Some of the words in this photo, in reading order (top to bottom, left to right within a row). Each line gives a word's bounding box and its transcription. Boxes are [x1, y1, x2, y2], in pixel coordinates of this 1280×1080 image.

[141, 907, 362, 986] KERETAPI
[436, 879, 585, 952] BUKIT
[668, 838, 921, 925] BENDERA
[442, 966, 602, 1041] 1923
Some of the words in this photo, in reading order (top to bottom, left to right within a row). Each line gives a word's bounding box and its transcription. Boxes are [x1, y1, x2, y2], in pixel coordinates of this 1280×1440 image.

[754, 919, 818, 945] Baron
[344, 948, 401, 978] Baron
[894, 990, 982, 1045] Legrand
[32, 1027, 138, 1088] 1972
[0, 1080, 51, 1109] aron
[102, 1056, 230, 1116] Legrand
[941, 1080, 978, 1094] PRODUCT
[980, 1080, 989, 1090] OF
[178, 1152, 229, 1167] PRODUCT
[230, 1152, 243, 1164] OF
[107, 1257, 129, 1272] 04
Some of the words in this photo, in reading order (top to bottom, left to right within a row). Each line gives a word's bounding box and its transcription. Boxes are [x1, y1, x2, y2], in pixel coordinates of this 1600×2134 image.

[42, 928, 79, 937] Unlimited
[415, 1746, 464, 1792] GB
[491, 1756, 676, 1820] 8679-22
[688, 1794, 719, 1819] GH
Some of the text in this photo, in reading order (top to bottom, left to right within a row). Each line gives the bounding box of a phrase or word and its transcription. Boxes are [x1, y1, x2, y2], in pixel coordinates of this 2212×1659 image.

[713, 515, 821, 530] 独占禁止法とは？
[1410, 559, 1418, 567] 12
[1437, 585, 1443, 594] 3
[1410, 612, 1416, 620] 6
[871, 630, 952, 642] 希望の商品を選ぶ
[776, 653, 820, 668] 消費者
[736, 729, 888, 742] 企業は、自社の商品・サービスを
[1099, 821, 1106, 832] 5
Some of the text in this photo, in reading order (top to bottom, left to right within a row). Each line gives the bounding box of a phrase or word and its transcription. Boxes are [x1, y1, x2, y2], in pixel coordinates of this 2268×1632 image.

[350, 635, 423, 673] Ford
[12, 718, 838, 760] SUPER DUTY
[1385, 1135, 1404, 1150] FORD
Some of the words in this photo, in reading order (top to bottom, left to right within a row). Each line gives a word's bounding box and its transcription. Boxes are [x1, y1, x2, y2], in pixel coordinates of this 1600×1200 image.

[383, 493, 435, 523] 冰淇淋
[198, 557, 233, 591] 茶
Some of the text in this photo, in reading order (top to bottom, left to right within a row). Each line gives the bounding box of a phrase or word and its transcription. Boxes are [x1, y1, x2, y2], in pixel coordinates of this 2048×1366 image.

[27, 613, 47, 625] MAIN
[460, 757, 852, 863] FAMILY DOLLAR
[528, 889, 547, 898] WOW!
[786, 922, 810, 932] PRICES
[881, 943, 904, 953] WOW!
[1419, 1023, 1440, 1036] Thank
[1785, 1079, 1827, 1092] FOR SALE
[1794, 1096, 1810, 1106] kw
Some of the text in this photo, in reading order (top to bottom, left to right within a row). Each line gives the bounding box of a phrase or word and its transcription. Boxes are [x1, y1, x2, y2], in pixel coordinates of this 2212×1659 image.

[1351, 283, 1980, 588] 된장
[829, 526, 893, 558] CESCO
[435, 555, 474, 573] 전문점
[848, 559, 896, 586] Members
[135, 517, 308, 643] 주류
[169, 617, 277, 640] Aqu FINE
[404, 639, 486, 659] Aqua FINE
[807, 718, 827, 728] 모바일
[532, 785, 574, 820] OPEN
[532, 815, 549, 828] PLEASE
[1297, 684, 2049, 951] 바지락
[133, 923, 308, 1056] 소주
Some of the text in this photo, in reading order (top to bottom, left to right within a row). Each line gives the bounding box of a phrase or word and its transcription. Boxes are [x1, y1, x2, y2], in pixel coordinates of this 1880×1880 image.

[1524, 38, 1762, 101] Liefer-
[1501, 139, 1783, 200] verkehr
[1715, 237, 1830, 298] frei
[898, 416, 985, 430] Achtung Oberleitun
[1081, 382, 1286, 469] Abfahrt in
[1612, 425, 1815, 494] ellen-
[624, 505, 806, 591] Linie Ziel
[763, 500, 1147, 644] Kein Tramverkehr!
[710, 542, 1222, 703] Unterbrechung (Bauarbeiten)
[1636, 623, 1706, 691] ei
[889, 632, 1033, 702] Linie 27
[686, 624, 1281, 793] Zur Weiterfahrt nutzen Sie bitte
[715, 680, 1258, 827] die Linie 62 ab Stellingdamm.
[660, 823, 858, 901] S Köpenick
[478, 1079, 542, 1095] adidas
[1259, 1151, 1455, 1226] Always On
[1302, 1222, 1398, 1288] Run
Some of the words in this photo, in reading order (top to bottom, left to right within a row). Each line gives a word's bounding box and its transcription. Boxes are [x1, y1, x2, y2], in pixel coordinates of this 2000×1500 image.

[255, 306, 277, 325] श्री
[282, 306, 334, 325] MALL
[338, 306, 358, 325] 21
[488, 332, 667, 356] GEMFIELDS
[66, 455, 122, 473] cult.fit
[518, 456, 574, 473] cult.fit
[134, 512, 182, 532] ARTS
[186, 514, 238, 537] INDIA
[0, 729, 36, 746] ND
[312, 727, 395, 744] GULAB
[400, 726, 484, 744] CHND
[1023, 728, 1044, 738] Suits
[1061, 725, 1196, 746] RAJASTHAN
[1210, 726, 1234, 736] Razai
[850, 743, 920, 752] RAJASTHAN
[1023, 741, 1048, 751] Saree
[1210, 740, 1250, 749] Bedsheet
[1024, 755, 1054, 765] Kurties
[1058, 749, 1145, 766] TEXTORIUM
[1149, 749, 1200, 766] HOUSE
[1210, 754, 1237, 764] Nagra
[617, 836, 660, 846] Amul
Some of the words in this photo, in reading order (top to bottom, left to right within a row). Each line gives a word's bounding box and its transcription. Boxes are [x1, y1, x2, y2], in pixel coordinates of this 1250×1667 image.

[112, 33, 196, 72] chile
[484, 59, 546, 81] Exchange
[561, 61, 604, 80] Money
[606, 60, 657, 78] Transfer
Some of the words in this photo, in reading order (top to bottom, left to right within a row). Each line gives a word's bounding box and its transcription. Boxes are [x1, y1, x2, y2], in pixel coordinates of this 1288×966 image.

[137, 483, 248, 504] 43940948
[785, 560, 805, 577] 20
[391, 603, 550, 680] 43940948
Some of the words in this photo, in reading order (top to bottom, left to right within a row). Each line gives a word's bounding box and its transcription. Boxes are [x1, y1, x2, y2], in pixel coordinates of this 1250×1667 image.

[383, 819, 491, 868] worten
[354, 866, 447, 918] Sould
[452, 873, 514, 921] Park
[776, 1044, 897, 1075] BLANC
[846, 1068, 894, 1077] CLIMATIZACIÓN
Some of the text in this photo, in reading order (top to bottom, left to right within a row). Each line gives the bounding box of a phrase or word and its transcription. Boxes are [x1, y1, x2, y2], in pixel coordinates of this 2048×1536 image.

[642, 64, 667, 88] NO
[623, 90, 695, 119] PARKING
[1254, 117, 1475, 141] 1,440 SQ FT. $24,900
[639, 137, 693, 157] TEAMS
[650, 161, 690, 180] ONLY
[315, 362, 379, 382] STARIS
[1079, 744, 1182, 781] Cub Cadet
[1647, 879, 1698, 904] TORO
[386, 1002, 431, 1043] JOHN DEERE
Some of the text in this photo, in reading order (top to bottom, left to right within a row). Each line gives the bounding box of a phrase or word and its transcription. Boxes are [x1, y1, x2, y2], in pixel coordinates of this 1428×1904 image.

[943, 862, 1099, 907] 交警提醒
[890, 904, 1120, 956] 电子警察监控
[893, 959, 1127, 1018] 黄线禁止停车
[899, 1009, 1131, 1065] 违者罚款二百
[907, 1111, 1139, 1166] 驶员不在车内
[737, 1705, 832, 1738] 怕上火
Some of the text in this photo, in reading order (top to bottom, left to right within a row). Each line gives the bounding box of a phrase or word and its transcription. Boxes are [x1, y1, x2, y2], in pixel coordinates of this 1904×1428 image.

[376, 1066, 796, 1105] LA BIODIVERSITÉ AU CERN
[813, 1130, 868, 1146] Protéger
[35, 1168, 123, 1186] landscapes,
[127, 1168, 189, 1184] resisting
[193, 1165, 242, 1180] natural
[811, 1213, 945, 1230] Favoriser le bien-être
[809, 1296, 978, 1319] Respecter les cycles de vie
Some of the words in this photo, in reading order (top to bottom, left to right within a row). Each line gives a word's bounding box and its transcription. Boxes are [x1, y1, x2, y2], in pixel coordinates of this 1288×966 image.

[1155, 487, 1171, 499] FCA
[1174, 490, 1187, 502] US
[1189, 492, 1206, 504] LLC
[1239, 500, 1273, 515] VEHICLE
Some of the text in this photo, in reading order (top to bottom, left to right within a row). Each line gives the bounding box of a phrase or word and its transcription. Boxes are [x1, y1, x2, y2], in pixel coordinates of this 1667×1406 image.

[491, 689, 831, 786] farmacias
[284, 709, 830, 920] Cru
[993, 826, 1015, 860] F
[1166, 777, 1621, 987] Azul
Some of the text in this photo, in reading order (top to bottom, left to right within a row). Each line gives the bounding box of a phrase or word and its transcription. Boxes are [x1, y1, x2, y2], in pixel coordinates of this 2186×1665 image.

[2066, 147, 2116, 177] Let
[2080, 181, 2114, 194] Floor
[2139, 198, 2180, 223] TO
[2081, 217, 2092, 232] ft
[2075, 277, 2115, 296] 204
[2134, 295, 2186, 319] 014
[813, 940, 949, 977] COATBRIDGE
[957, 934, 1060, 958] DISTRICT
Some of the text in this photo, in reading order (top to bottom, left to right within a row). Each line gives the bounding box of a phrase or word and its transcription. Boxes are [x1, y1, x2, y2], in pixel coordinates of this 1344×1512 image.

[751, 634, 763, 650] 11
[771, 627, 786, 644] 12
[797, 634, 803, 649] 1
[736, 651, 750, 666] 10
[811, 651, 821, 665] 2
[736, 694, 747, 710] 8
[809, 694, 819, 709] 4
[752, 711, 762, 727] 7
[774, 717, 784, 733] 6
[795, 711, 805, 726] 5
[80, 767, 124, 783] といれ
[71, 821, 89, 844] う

----------

Beginning with the line that contains "this 2186×1665 image.", retype every remaining line of the listing exactly, ending with the last one.

Some of the text in this photo, in reading order (top to bottom, left to right within a row). Each line gives the bounding box of a phrase or word and its transcription. Boxes are [x1, y1, x2, y2], in pixel coordinates of this 2186×1665 image.

[2066, 147, 2116, 177] Let
[2080, 181, 2114, 194] Floor
[2139, 198, 2180, 223] TO
[2081, 217, 2092, 232] ft
[2075, 277, 2115, 296] 204
[2134, 295, 2186, 319] 014
[813, 940, 949, 977] COATBRIDGE
[957, 934, 1060, 958] DISTRICT
Some of the text in this photo, in reading order (top to bottom, left to right within a row). Each line gives the bounding box of a phrase or word and its transcription. Boxes are [x1, y1, x2, y2], in pixel coordinates of this 1344×1512 image.

[751, 634, 763, 650] 11
[771, 627, 786, 644] 12
[797, 634, 803, 649] 1
[736, 651, 750, 666] 10
[811, 651, 821, 665] 2
[736, 694, 747, 710] 8
[809, 694, 819, 709] 4
[752, 711, 762, 727] 7
[774, 717, 784, 733] 6
[795, 711, 805, 726] 5
[80, 767, 124, 783] といれ
[71, 821, 89, 844] う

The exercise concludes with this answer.